This week’s London Lucene/Solr Meetup was hosted by asset management company BlackRock who also provided our first speakers. BlackRock manages an astonishing $4.7 trillion in assets (that’s more than the GDP of Germany) and operates 90 different websites with around 250,000 content items, so a good and accurate website search engine is essential. Although BlackRock use HP Autonomy‘s content management system and IDOL search engine, the latter is hard to tune (‘not deterministic, and why it ranks the way it does can be mysterious’) and Ife Nkechukwu and Erica Sundberg have been investigating Apache Solr as an alternative: being open source and with a powerful debugging features, Solr allows complete understanding of why a particular result is scored and ranked.
Starting with this great video (it’s from Google not BlackRock, but amusing and worth a look), Ife and Erica gave an engaging and clear presentation of their journey with Solr: how they explored the various options for crawling (Nutch and Heritrix were mentioned), how Analyzers are used to condition content for indexing and how Solr scoring ranking is actually calculated. This was one of the best ‘how to get started with Solr’ presentations I have seen and I was also very pleased to hear Ife say ‘you can’t just build search and forget it – you have to tune search like an instrument’ – entirely consistent with our own experience.

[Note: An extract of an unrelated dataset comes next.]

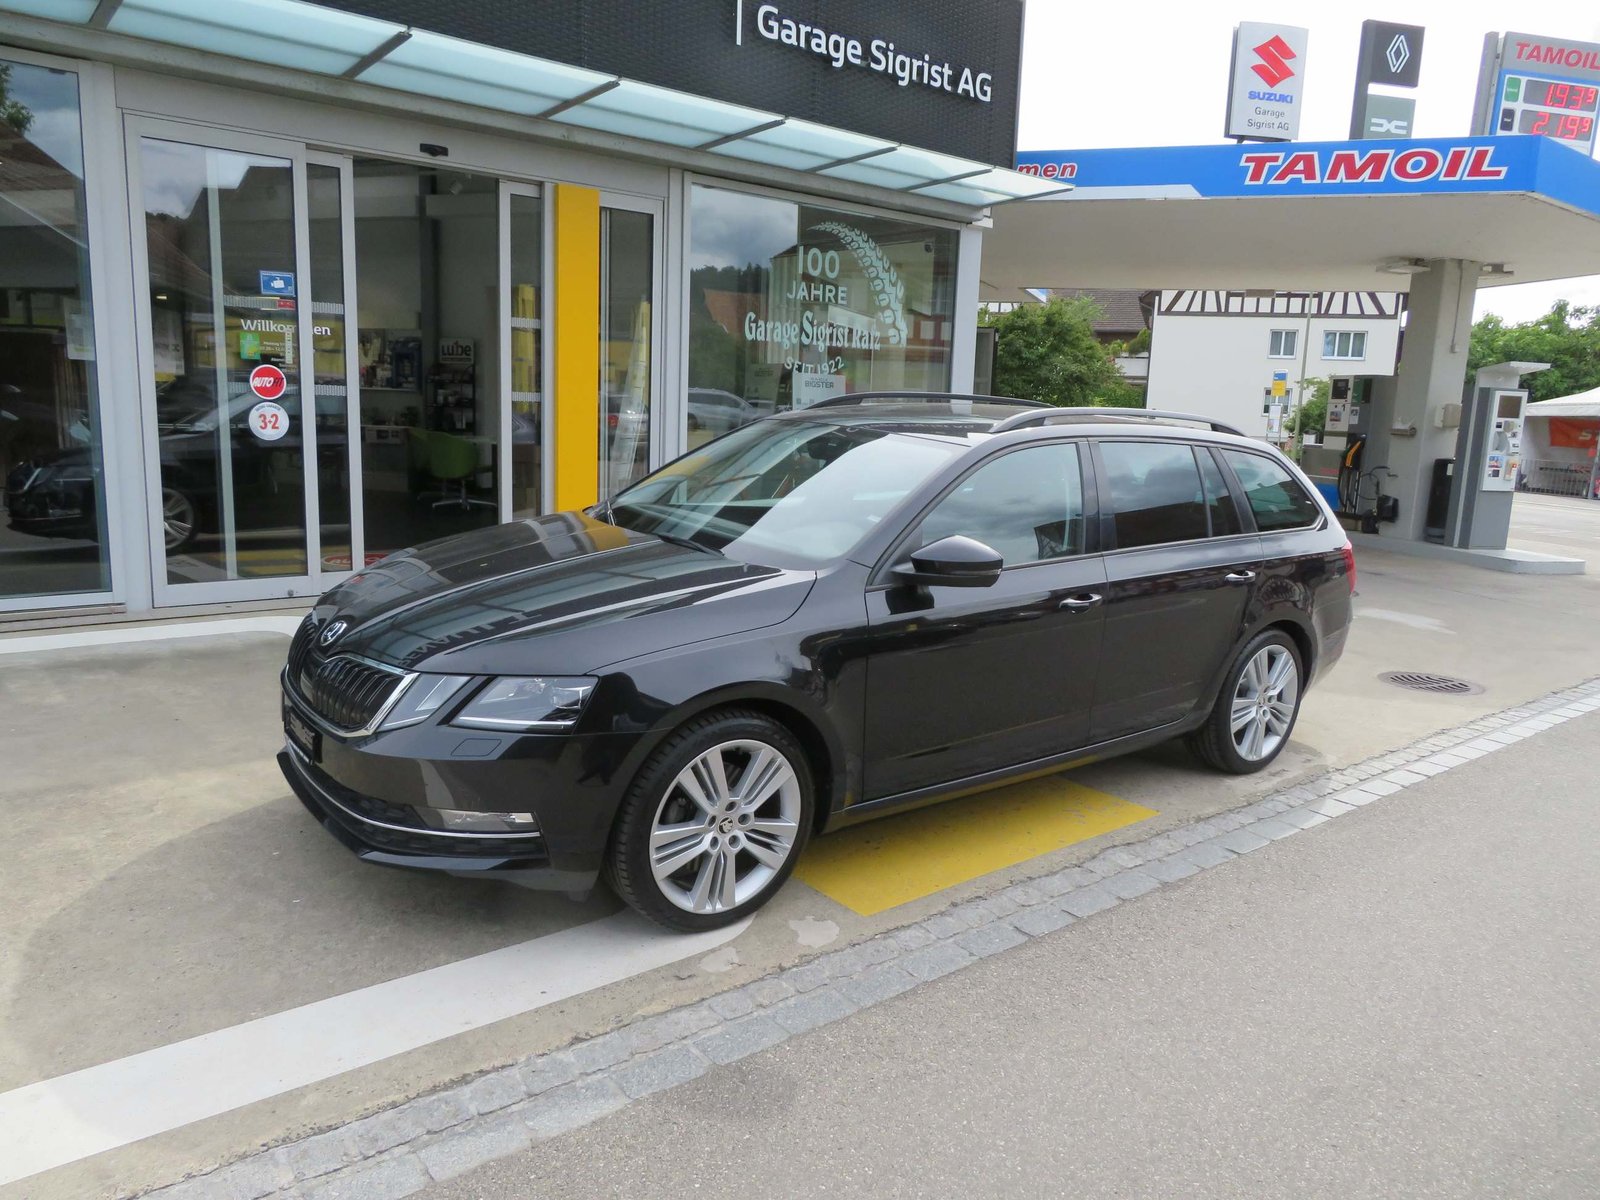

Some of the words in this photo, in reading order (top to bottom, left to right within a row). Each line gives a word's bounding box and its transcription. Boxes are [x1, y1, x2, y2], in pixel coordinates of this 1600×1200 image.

After a quick pizza break, Jim Liddle of Storage Made Easy was next up. Jim’s company provides appliances that connect to a myriad of cloud storage systems and provide a number of services (collaboration, sharing, governance, search) accessible via any computing or mobile device. Jim told us how they’d integrated Solr into their system to provide deep content search and filtering. Interestingly, Storage Made Easy chose Solr over Elasticsearch because they are ‘not quite sure where Elastic will end up in terms of commercials’ – even though Jim worked with Shay Banon (creator of Elasticsearch) at Gigaspaces. You can see Jim’s slides here where he explains how the hardest task was indexing permissions data. I was particularly interested in the ‘visual query builder’ they had developed for clients with very complex search requirements – this chimed with our own experience of working with complex media monitoring queries.
We finished with a Solr Q&A (Upayavira was kind enough to provide many of the answers) – BlackRock had kindly provided a prize for the best question (a mini quadcopter) – our winner was very happy! Thanks again to our hosts and presenters and I look forward to seeing you all again soon.